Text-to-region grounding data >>
((
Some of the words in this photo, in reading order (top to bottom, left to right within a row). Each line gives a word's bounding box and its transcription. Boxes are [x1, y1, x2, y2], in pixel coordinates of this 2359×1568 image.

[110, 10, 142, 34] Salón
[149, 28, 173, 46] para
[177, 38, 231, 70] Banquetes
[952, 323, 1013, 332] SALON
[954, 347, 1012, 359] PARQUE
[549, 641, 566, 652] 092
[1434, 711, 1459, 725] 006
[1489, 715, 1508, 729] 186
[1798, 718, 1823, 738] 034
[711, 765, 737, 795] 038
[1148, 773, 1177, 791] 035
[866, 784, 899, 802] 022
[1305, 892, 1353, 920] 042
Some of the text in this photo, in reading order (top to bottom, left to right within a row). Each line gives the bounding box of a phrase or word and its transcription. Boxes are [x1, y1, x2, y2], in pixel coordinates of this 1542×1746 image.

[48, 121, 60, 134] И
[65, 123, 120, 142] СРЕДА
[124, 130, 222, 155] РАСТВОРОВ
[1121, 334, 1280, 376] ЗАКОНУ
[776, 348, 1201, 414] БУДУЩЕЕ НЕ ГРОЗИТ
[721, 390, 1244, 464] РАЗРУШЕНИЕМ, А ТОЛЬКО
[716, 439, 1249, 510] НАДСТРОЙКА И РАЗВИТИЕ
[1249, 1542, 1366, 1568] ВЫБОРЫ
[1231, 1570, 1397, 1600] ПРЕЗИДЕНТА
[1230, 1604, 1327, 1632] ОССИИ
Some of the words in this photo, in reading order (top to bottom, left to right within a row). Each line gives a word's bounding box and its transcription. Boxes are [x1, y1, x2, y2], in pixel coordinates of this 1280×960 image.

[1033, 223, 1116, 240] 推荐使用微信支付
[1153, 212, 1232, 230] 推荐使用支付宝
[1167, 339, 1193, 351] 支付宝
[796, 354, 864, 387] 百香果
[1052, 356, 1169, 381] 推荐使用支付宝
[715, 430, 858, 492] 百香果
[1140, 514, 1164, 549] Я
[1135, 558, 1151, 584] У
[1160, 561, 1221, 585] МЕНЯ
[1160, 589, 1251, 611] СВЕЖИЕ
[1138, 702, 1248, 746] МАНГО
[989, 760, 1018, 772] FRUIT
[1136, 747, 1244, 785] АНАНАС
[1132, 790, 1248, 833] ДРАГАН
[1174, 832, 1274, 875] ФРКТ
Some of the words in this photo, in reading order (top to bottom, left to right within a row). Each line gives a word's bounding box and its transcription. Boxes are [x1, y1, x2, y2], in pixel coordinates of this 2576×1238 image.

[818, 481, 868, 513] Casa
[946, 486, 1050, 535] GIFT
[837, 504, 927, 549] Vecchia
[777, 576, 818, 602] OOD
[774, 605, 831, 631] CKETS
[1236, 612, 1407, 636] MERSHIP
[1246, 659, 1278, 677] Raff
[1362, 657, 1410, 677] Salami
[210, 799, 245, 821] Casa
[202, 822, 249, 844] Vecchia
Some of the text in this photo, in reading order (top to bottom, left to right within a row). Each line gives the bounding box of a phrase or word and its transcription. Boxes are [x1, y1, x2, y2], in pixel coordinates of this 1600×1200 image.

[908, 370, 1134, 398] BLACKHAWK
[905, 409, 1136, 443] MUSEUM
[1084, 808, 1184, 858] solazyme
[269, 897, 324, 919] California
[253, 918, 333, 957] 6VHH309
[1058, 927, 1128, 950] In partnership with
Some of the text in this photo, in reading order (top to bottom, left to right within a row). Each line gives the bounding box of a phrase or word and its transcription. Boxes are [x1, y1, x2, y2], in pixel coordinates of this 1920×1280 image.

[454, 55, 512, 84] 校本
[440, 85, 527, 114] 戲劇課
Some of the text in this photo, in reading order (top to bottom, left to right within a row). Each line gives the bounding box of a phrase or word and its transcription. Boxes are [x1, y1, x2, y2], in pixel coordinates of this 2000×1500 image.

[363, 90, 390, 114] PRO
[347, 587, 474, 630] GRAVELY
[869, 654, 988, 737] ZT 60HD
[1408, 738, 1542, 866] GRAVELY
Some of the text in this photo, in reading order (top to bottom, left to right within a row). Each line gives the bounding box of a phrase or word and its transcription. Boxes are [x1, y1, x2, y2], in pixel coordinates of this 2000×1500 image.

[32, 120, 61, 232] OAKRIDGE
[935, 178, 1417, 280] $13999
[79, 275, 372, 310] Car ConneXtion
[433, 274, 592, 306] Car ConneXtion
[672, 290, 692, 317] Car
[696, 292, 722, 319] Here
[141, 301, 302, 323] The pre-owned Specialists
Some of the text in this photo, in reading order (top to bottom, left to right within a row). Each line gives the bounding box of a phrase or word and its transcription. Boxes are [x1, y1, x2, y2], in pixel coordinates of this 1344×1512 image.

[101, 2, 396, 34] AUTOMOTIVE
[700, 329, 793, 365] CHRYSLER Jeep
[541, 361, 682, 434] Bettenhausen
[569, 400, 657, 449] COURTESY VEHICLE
))
Reproduce every record that appears above, keeping the wording exact.

FINISHED TASK >>
Some of the words in this photo, in reading order (top to bottom, left to right within a row). Each line gives a word's bounding box and its transcription. Boxes are [x1, y1, x2, y2], in pixel coordinates of this 2359×1568 image.

[110, 10, 142, 34] Salón
[149, 28, 173, 46] para
[177, 38, 231, 70] Banquetes
[952, 323, 1013, 332] SALON
[954, 347, 1012, 359] PARQUE
[549, 641, 566, 652] 092
[1434, 711, 1459, 725] 006
[1489, 715, 1508, 729] 186
[1798, 718, 1823, 738] 034
[711, 765, 737, 795] 038
[1148, 773, 1177, 791] 035
[866, 784, 899, 802] 022
[1305, 892, 1353, 920] 042
Some of the text in this photo, in reading order (top to bottom, left to right within a row). Each line gives the bounding box of a phrase or word and its transcription. Boxes are [x1, y1, x2, y2], in pixel coordinates of this 1542×1746 image.

[48, 121, 60, 134] И
[65, 123, 120, 142] СРЕДА
[124, 130, 222, 155] РАСТВОРОВ
[1121, 334, 1280, 376] ЗАКОНУ
[776, 348, 1201, 414] БУДУЩЕЕ НЕ ГРОЗИТ
[721, 390, 1244, 464] РАЗРУШЕНИЕМ, А ТОЛЬКО
[716, 439, 1249, 510] НАДСТРОЙКА И РАЗВИТИЕ
[1249, 1542, 1366, 1568] ВЫБОРЫ
[1231, 1570, 1397, 1600] ПРЕЗИДЕНТА
[1230, 1604, 1327, 1632] ОССИИ
Some of the words in this photo, in reading order (top to bottom, left to right within a row). Each line gives a word's bounding box and its transcription. Boxes are [x1, y1, x2, y2], in pixel coordinates of this 1280×960 image.

[1033, 223, 1116, 240] 推荐使用微信支付
[1153, 212, 1232, 230] 推荐使用支付宝
[1167, 339, 1193, 351] 支付宝
[796, 354, 864, 387] 百香果
[1052, 356, 1169, 381] 推荐使用支付宝
[715, 430, 858, 492] 百香果
[1140, 514, 1164, 549] Я
[1135, 558, 1151, 584] У
[1160, 561, 1221, 585] МЕНЯ
[1160, 589, 1251, 611] СВЕЖИЕ
[1138, 702, 1248, 746] МАНГО
[989, 760, 1018, 772] FRUIT
[1136, 747, 1244, 785] АНАНАС
[1132, 790, 1248, 833] ДРАГАН
[1174, 832, 1274, 875] ФРКТ
Some of the words in this photo, in reading order (top to bottom, left to right within a row). Each line gives a word's bounding box and its transcription. Boxes are [x1, y1, x2, y2], in pixel coordinates of this 2576×1238 image.

[818, 481, 868, 513] Casa
[946, 486, 1050, 535] GIFT
[837, 504, 927, 549] Vecchia
[777, 576, 818, 602] OOD
[774, 605, 831, 631] CKETS
[1236, 612, 1407, 636] MERSHIP
[1246, 659, 1278, 677] Raff
[1362, 657, 1410, 677] Salami
[210, 799, 245, 821] Casa
[202, 822, 249, 844] Vecchia
Some of the text in this photo, in reading order (top to bottom, left to right within a row). Each line gives the bounding box of a phrase or word and its transcription. Boxes are [x1, y1, x2, y2], in pixel coordinates of this 1600×1200 image.

[908, 370, 1134, 398] BLACKHAWK
[905, 409, 1136, 443] MUSEUM
[1084, 808, 1184, 858] solazyme
[269, 897, 324, 919] California
[253, 918, 333, 957] 6VHH309
[1058, 927, 1128, 950] In partnership with
Some of the text in this photo, in reading order (top to bottom, left to right within a row). Each line gives the bounding box of a phrase or word and its transcription. Boxes are [x1, y1, x2, y2], in pixel coordinates of this 1920×1280 image.

[454, 55, 512, 84] 校本
[440, 85, 527, 114] 戲劇課
Some of the text in this photo, in reading order (top to bottom, left to right within a row). Each line gives the bounding box of a phrase or word and its transcription. Boxes are [x1, y1, x2, y2], in pixel coordinates of this 2000×1500 image.

[363, 90, 390, 114] PRO
[347, 587, 474, 630] GRAVELY
[869, 654, 988, 737] ZT 60HD
[1408, 738, 1542, 866] GRAVELY
Some of the text in this photo, in reading order (top to bottom, left to right within a row). Each line gives the bounding box of a phrase or word and its transcription. Boxes are [x1, y1, x2, y2], in pixel coordinates of this 2000×1500 image.

[32, 120, 61, 232] OAKRIDGE
[935, 178, 1417, 280] $13999
[79, 275, 372, 310] Car ConneXtion
[433, 274, 592, 306] Car ConneXtion
[672, 290, 692, 317] Car
[696, 292, 722, 319] Here
[141, 301, 302, 323] The pre-owned Specialists
Some of the text in this photo, in reading order (top to bottom, left to right within a row). Each line gives the bounding box of a phrase or word and its transcription. Boxes are [x1, y1, x2, y2], in pixel coordinates of this 1344×1512 image.

[101, 2, 396, 34] AUTOMOTIVE
[700, 329, 793, 365] CHRYSLER Jeep
[541, 361, 682, 434] Bettenhausen
[569, 400, 657, 449] COURTESY VEHICLE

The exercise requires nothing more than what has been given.